Now let's create a clean, reusable function that does all this work for you:

In [None]:
def get_quarterly_statements(tickers, periods=20):
    """
    Get quarterly financial statements as DataFrames with multi-index (Ticker, Period).
    
    Parameters
    ----------
    tickers : list of str
        Company ticker symbols (e.g., ['AAPL', 'MSFT', 'GOOGL'])
    periods : int, default=20
        Number of quarterly periods to retrieve (20 = 5 years)
    
    Returns
    -------
    dict
        Dictionary with keys 'income_statement', 'balance_sheet', 'cashflow'
        Each value is a DataFrame with multi-index (Ticker, Period)
    """
    results = {}
    
    for statement_name, method_name in [
        ('income_statement', 'income_statement'),
        ('balance_sheet', 'balance_sheet'),
        ('cashflow', 'cashflow_statement'),
    ]:
        print(f"\nProcessing {statement_name}...")
        frames = []
        
        for ticker in tickers:
            print(f"  {ticker}...", end=" ")
            company = Company(ticker)
            facts = company.get_facts()
            method = getattr(facts, method_name)
            df = method(periods=periods, annual=False, as_dataframe=True)
            
            # Extract period columns only
            period_cols = [c for c in df.columns if c not in ['label', 'depth', 'is_abstract', 'is_total', 'section', 'confidence']]
            
            # Transpose and format
            df_t = df[period_cols].T
            df_t.columns = df['label']
            df_t.index.name = 'Period'
            df_t['Ticker'] = ticker
            df_t = df_t.reset_index().set_index(['Ticker', 'Period'])
            frames.append(df_t)
            print("Done")
        
        results[statement_name] = pd.concat(frames)
        print(f"  Final shape: {results[statement_name].shape}")
    
    return results

Now let's test it with a different set of companies from various industries:

In [None]:
# Tech, Retail, Healthcare
companies = ["NVDA", "WMT", "JNJ"]

statements = get_quarterly_statements(companies, periods=20)

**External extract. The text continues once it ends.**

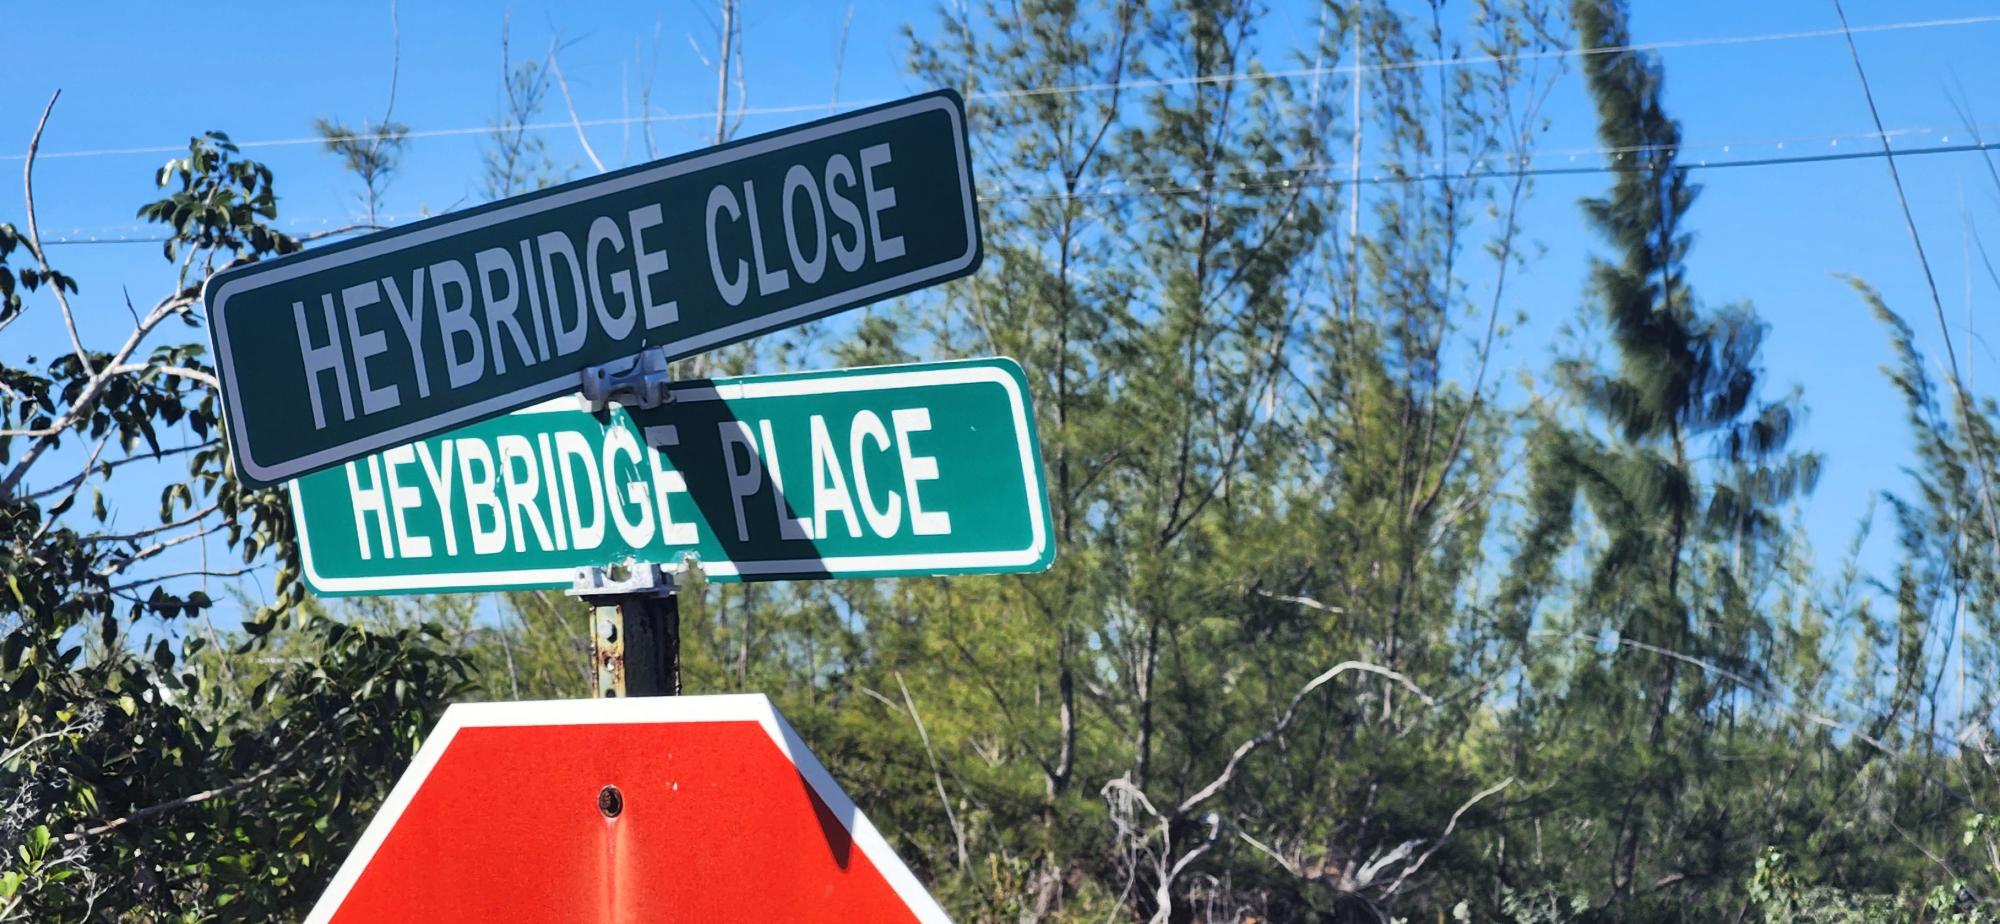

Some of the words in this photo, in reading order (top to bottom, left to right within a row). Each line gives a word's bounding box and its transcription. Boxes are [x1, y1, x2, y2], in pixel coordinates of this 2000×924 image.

# Access individual statements
income_df = statements['income_statement']
balance_df = statements['balance_sheet']
cashflow_df = statements['cashflow']

In [None]:
# Example: Get revenue for all companies across all periods
if 'Revenues' in income_df.columns:
    income_df['Revenues'].dropna()

In [None]:
# Example: Get data for a specific company and period
income_df.loc[('NVDA', 'Q1 2024')]

## Tips & Next Steps

### Other Parameters You Can Use

- **`annual=True`**: Get annual data instead of quarterly
- **`periods=40`**: Get more historical data (10 years of quarterly data)
- **`concise_format=True`**: Use when displaying statements (removes extra detail)

### Working with the Data

```python
# Filter to specific ticker
aapl_income = income_all.loc['AAPL']

# Filter to specific period
q1_2024 = income_all.xs('Q1 2024', level='Period')

# Get a specific line item across all companies/periods
revenues = income_all['Revenues'].dropna()
```

### Export to CSV

```python
income_all.to_csv('quarterly_income_statements.csv')
balance_all.to_csv('quarterly_balance_sheets.csv')
cashflow_all.to_csv('quarterly_cashflow_statements.csv')
```

### Learn More

- [edgartools Documentation](https://edgartools.github.io/edgartools/)
- [Facts API Guide](https://edgartools.github.io/edgartools/concepts/facts/)
- [Financial Statements Guide](https://edgartools.github.io/edgartools/guides/working-with-financials/)

---

**You did it!** You now have a clean, reusable workflow for extracting quarterly financial statements into normalized pandas DataFrames. This pattern works for any publicly traded company in the SEC database.